__What you should do__
Would you transcribe the listing that follows, character for character, and omit its images?

....

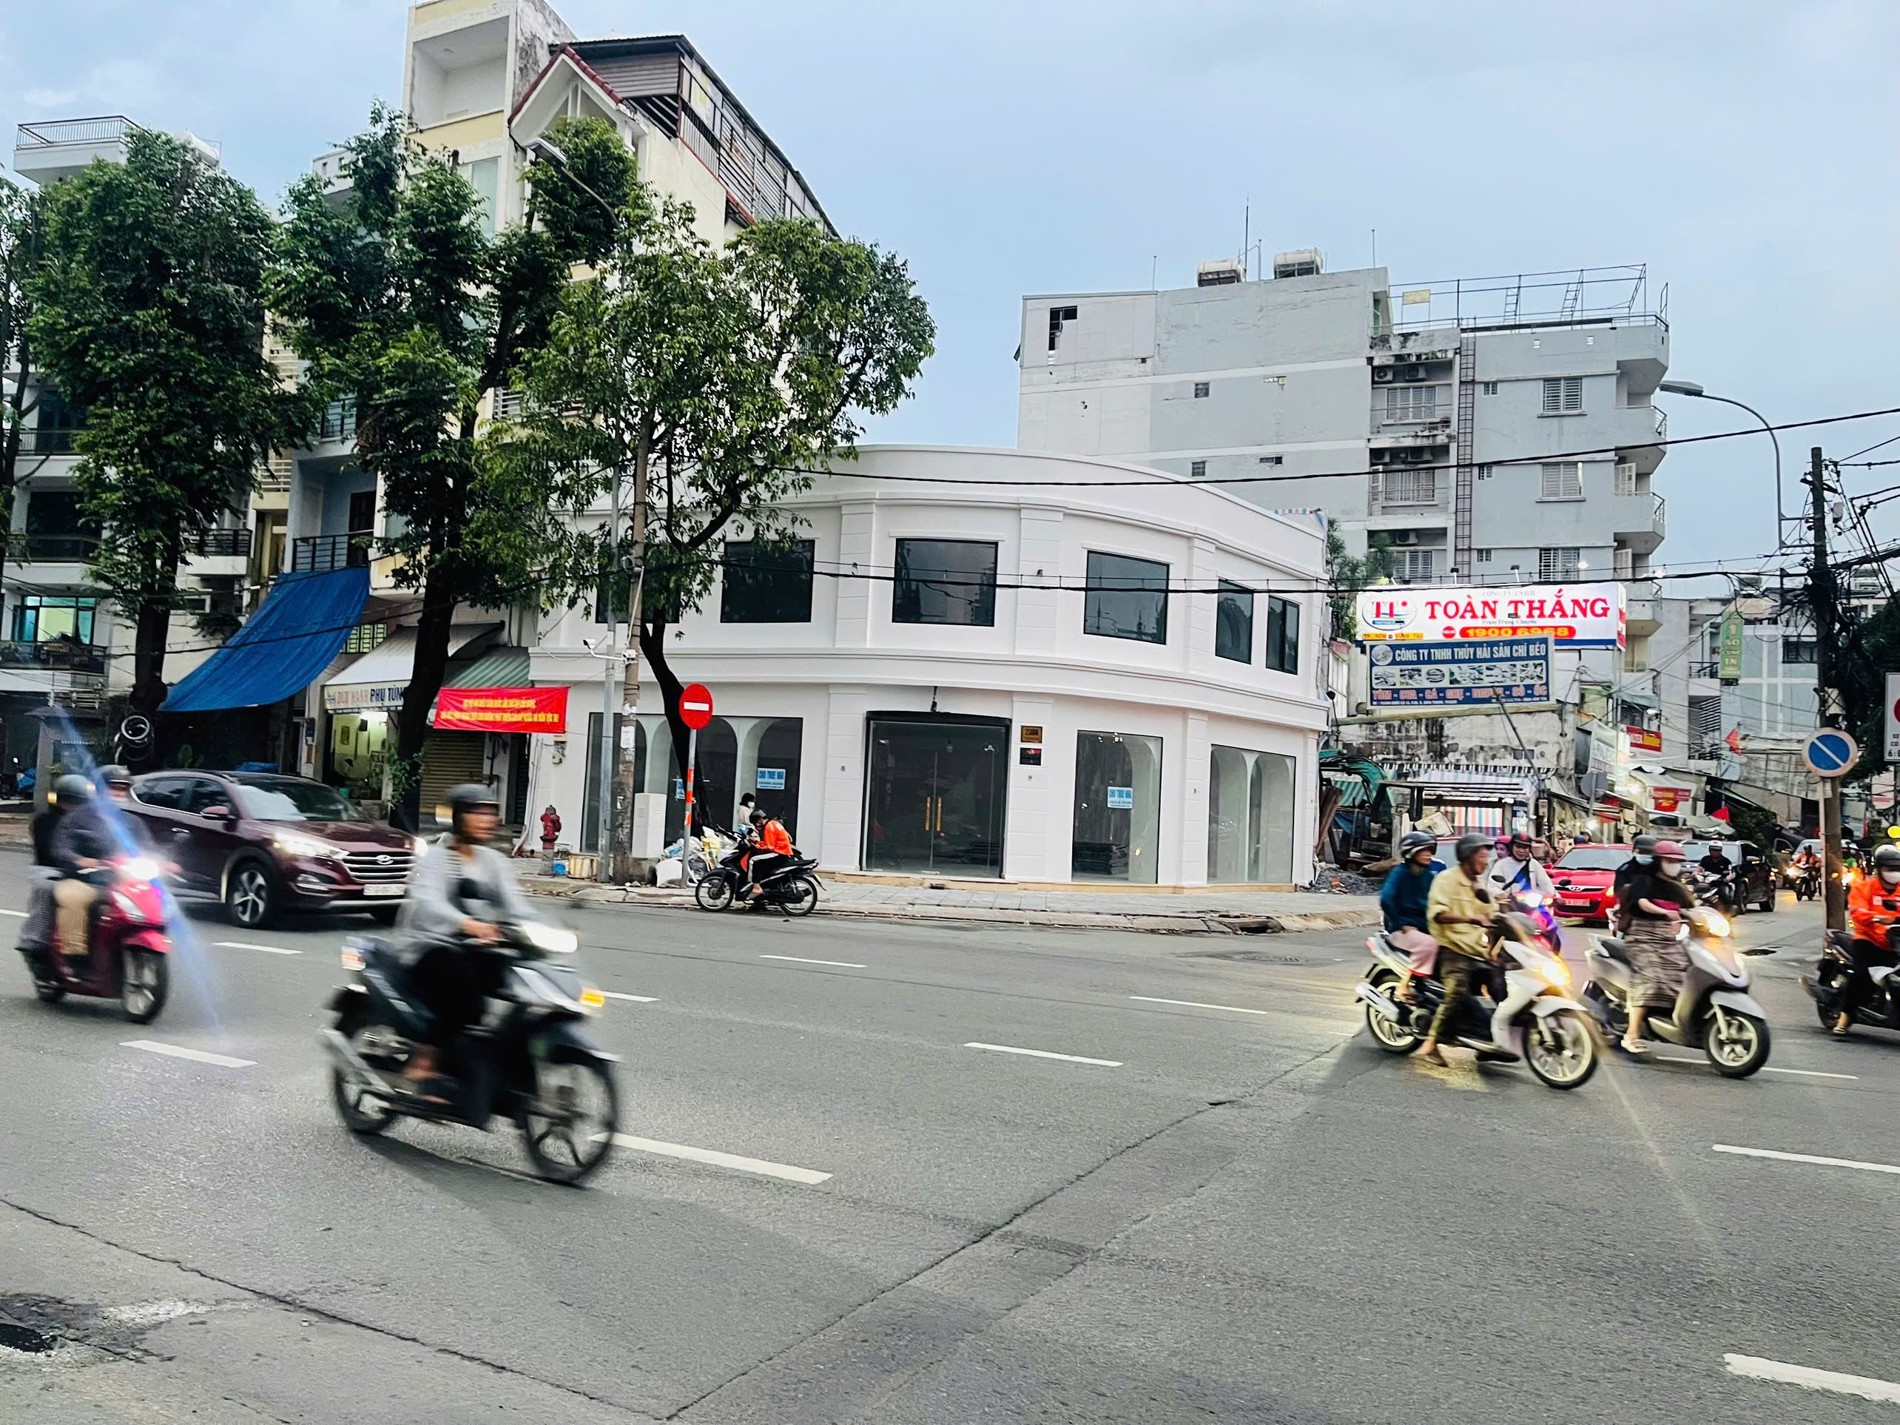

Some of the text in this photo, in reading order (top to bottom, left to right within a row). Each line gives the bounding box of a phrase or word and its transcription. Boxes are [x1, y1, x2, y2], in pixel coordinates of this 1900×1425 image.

[1425, 588, 1610, 619] TOÀN THẮNG
[1466, 627, 1512, 638] 1900
[1395, 648, 1417, 662] CÔNG
[1419, 649, 1429, 661] TY
[1430, 648, 1452, 661] TNHH
[1453, 644, 1475, 660] THỦY
[1476, 643, 1491, 659] HẢI
[1492, 642, 1511, 658] SẢN
[1529, 641, 1547, 656] BÉO
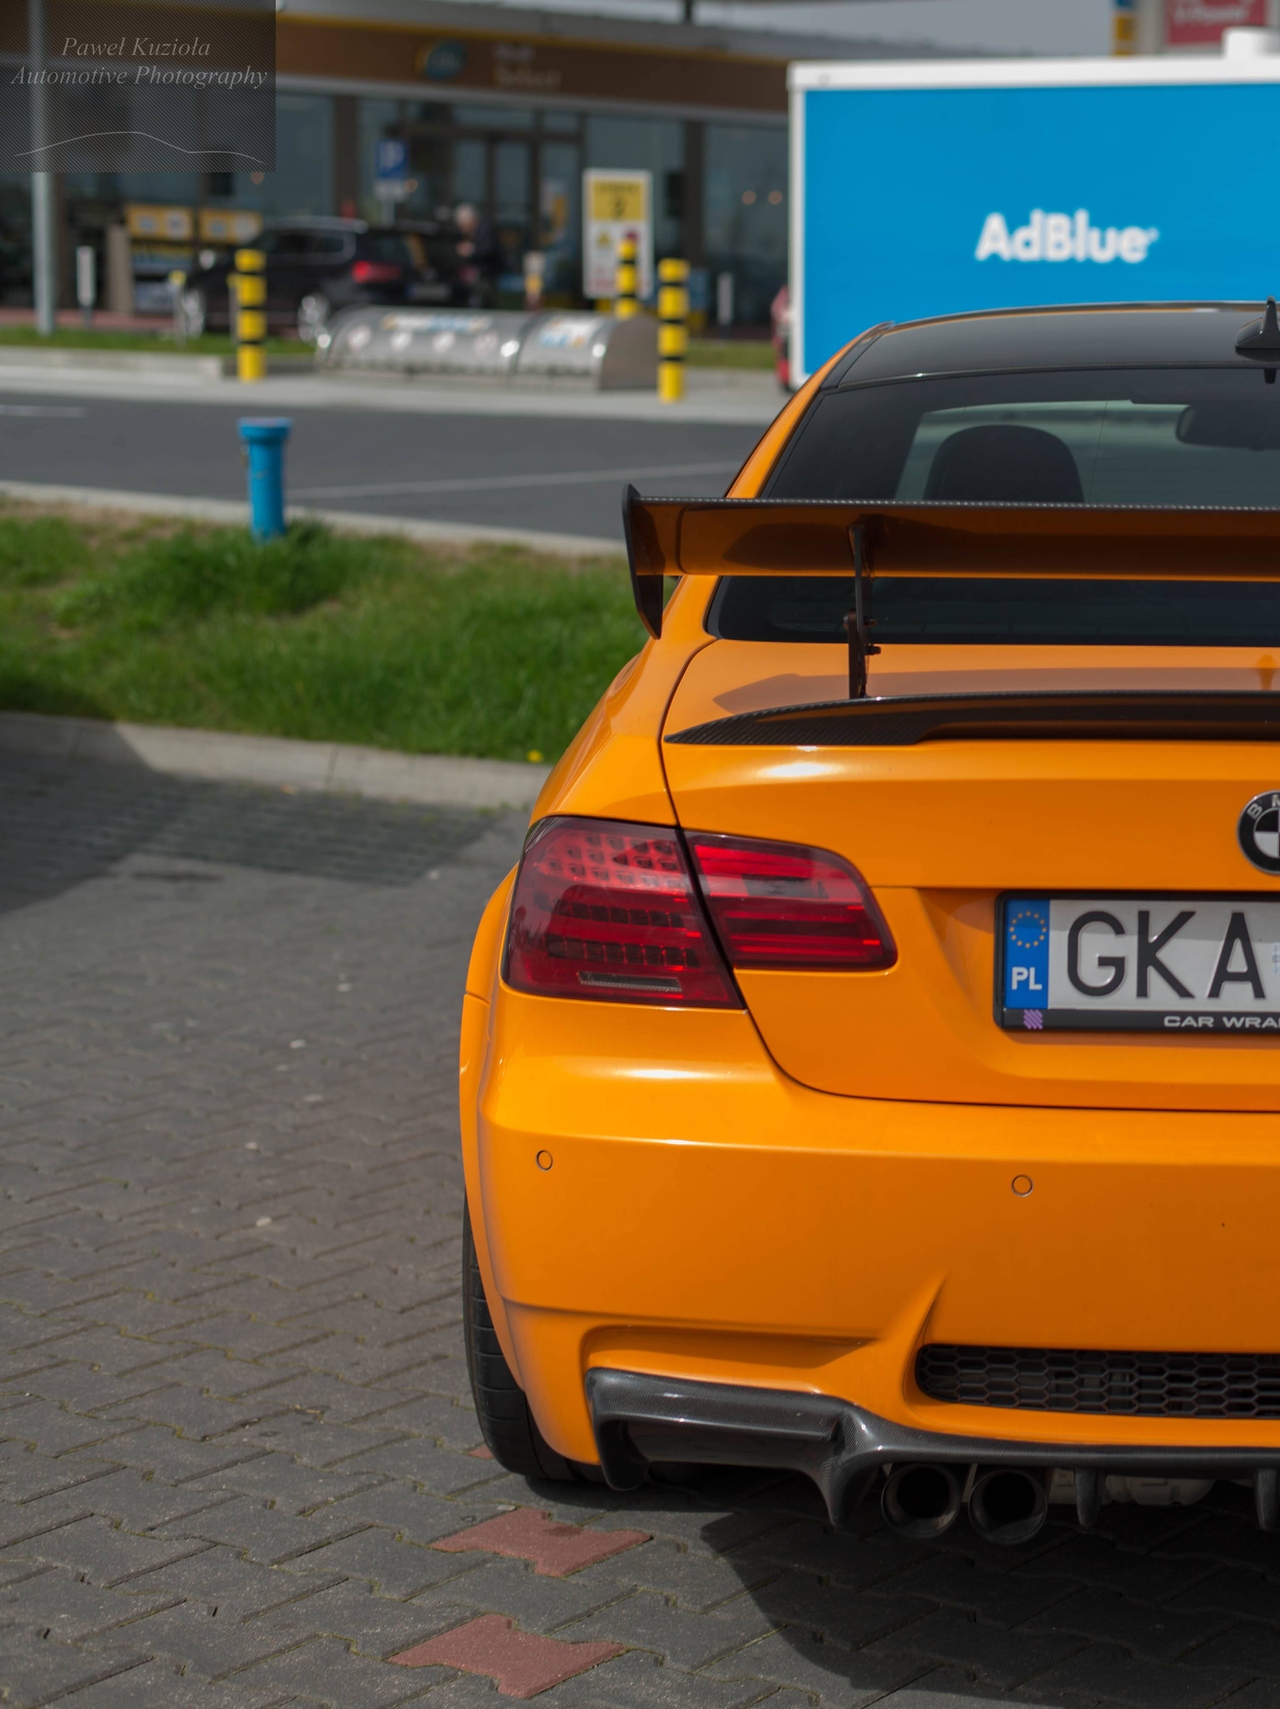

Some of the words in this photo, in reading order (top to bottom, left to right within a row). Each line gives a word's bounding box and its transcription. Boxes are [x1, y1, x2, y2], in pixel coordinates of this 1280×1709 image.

....

__Result for this task__
Some of the text in this photo, in reading order (top to bottom, left to right within a row). Each line gives the bounding box of a phrase or word and its transcription. Boxes are [x1, y1, x2, y2], in pixel coordinates of this 1900×1425 image.

[1425, 588, 1610, 619] TOÀN THẮNG
[1466, 627, 1512, 638] 1900
[1395, 648, 1417, 662] CÔNG
[1419, 649, 1429, 661] TY
[1430, 648, 1452, 661] TNHH
[1453, 644, 1475, 660] THỦY
[1476, 643, 1491, 659] HẢI
[1492, 642, 1511, 658] SẢN
[1529, 641, 1547, 656] BÉO

Some of the words in this photo, in reading order (top to bottom, left to right within a row). Each line gives a word's bounding box and its transcription. Boxes are [x1, y1, x2, y2], in pixel coordinates of this 1280×1709 image.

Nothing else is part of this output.